══ Data for review
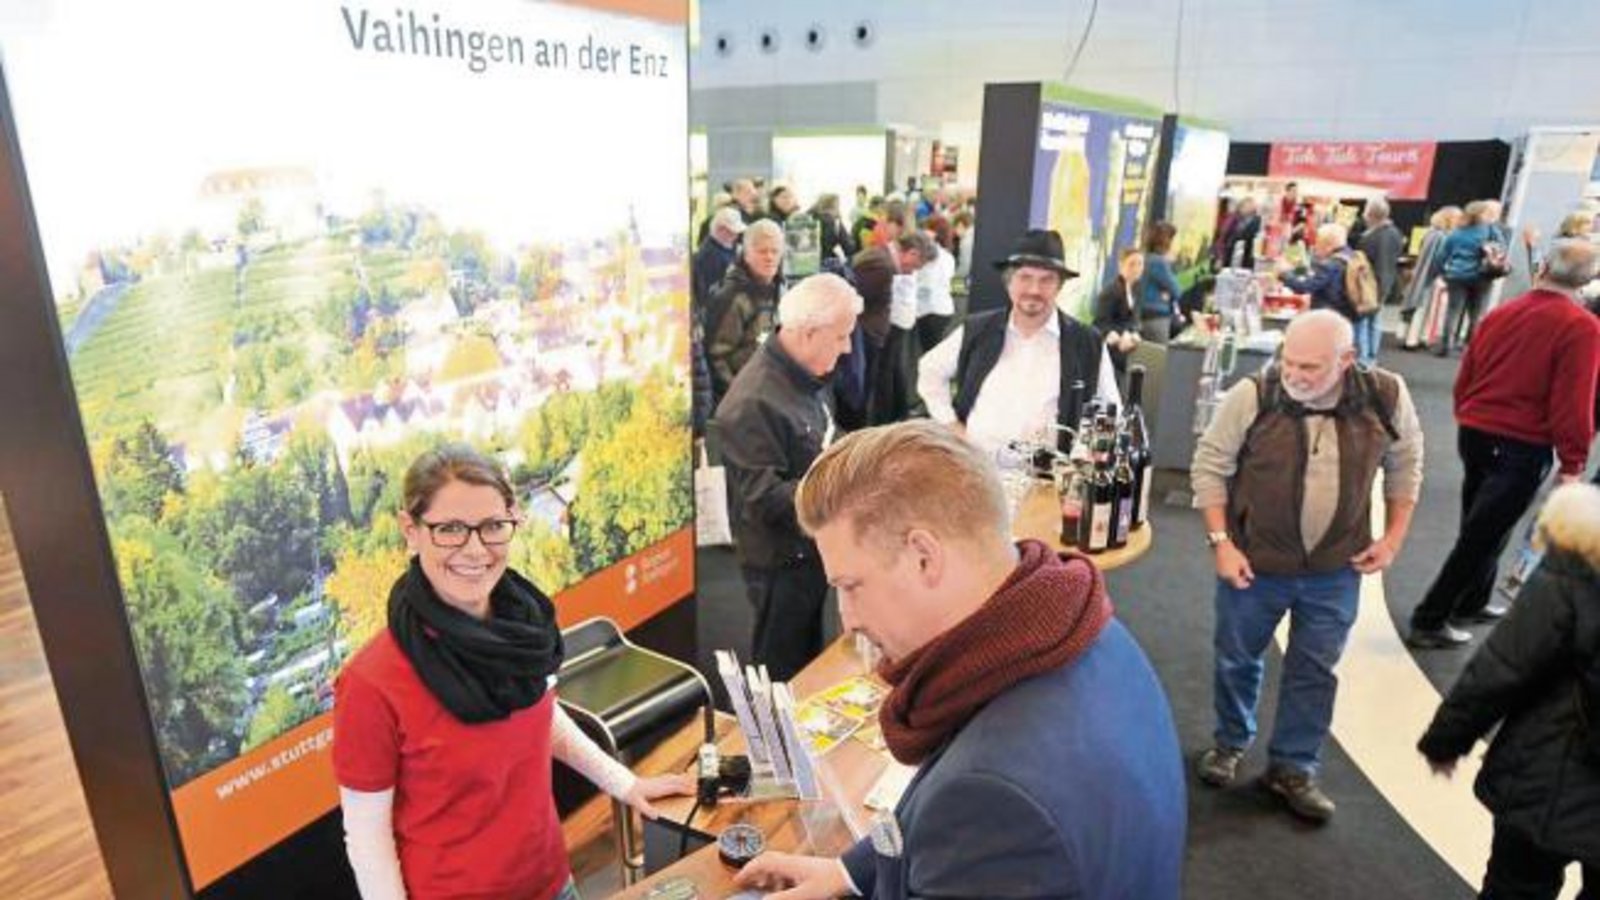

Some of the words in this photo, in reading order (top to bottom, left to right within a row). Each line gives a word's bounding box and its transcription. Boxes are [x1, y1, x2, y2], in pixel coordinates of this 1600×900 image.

[341, 6, 524, 73] Vaihingen
[535, 38, 567, 67] an
[579, 35, 621, 73] der
[630, 44, 668, 77] Enz
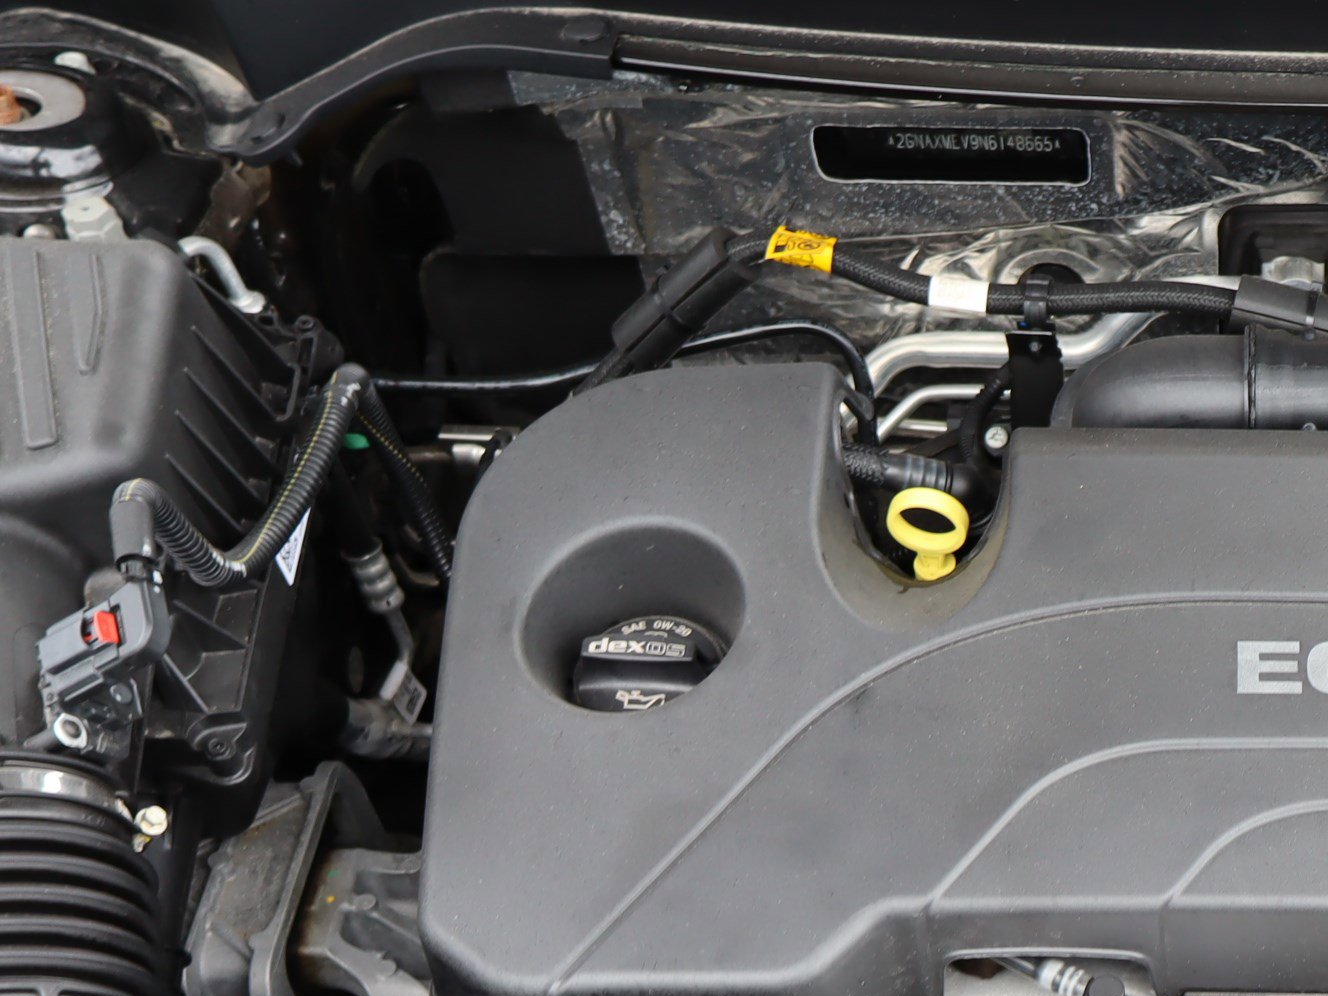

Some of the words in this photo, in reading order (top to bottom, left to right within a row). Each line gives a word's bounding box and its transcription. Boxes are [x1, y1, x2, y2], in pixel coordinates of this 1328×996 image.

[621, 620, 646, 635] SAE
[653, 620, 692, 637] 0W-20
[588, 637, 686, 657] dexos
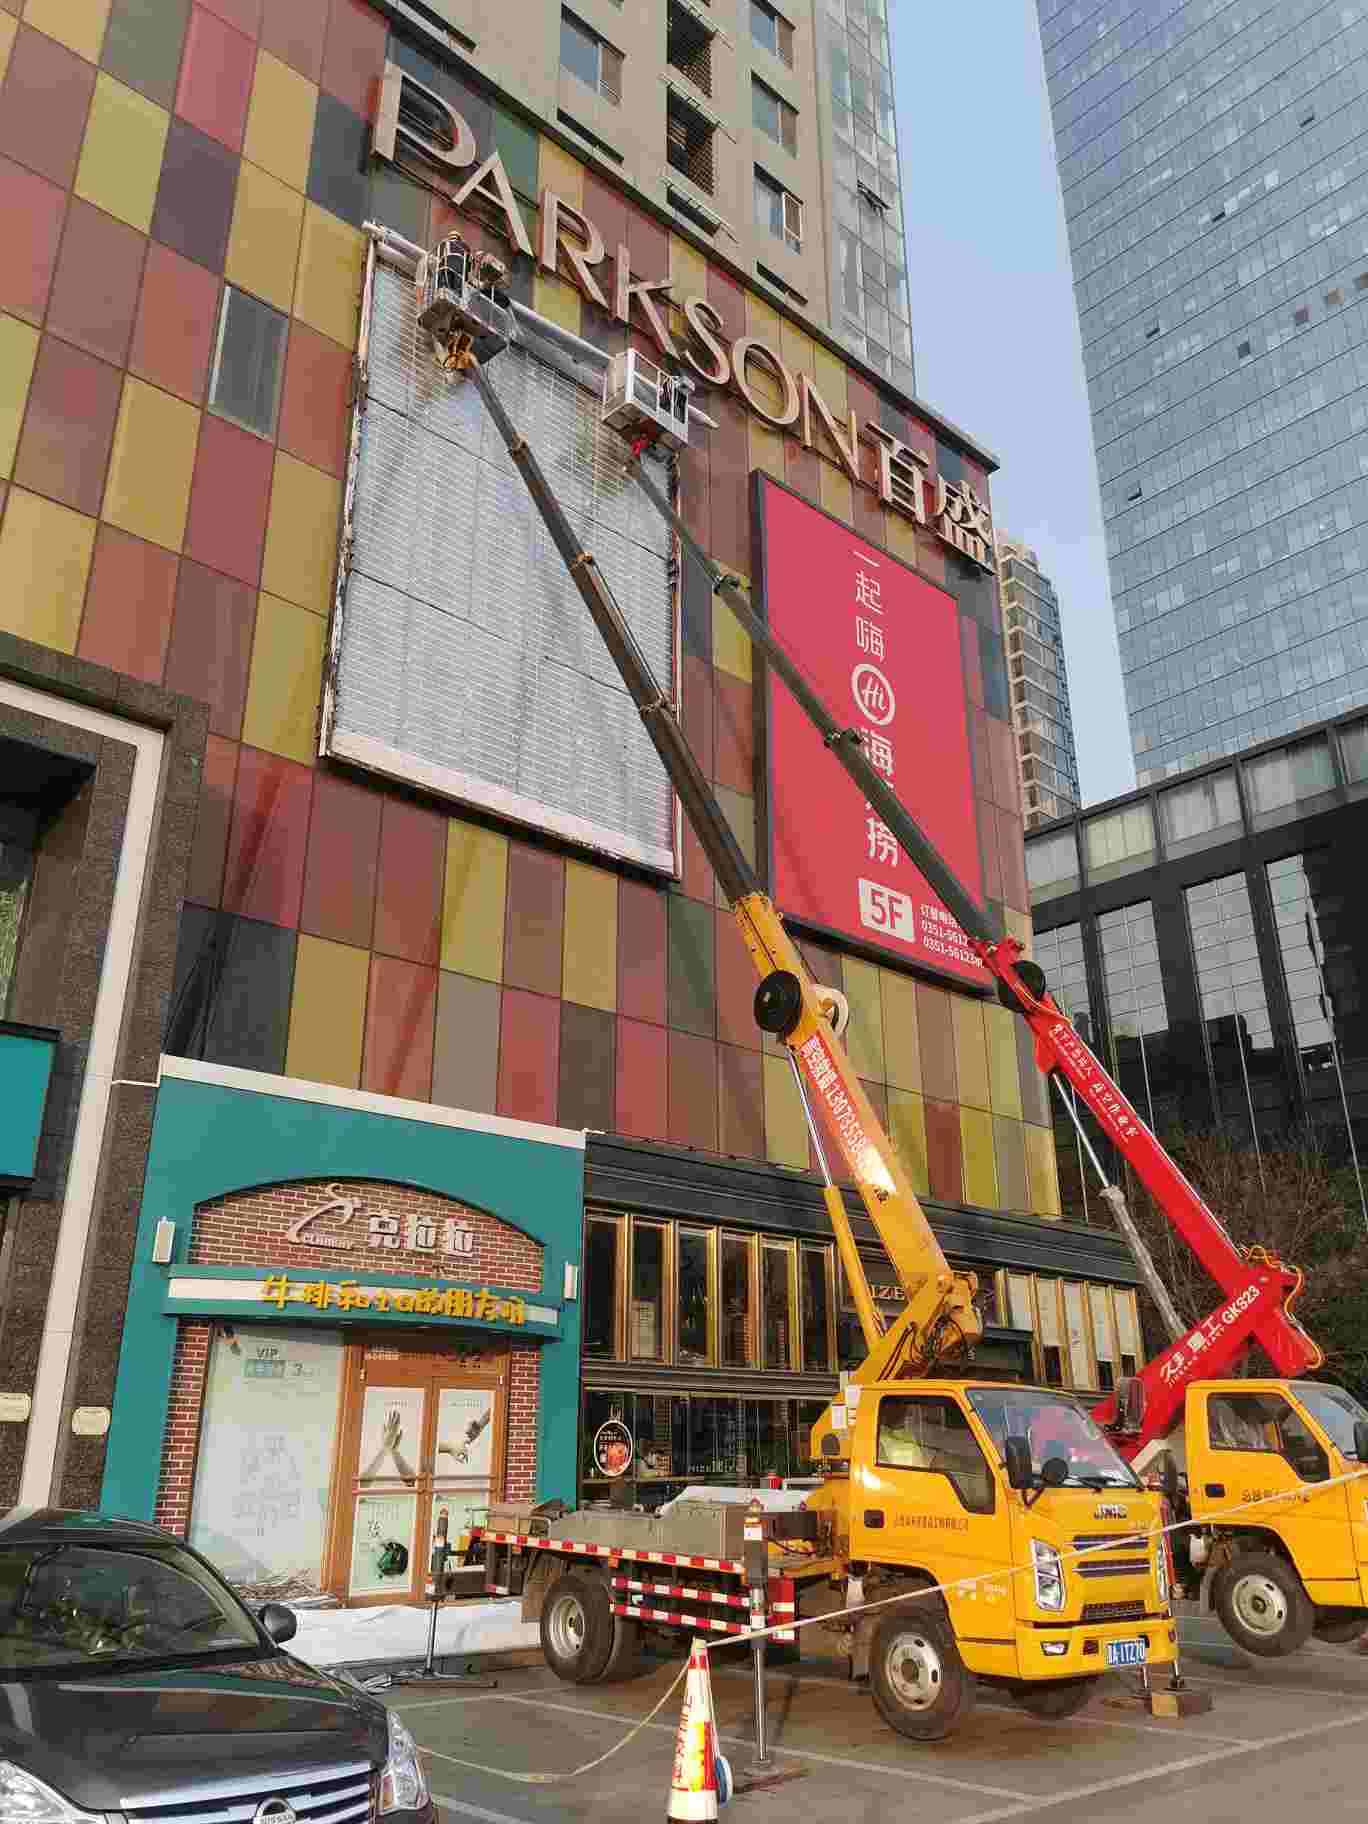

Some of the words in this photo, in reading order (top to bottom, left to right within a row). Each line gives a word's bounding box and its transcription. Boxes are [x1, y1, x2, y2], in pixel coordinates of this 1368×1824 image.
════
> [Work instructions]:
Only the text of the records belongs in the answer, printed exactly and without pictures.

> [Response]:
Some of the words in this photo, in reading order (top to bottom, left to right within a row). Each line gives a word's bounding box and its transcription. Boxes are [x1, y1, x2, y2], in pixel coordinates of this 1600×900 image.

[341, 6, 524, 73] Vaihingen
[535, 38, 567, 67] an
[579, 35, 621, 73] der
[630, 44, 668, 77] Enz

Some of the words in this photo, in reading order (top to bottom, left to right within a row). Each line gives a word's bounding box and its transcription. Boxes are [x1, y1, x2, y2], in pixel coordinates of this 1328×996 image.

[621, 620, 646, 635] SAE
[653, 620, 692, 637] 0W-20
[588, 637, 686, 657] dexos

Some of the words in this photo, in reading order (top to bottom, left to right within a row). Each line gives a word's bounding box and its transcription. Boxes are [x1, y1, x2, y2], in pixel coordinates of this 1368×1824 image.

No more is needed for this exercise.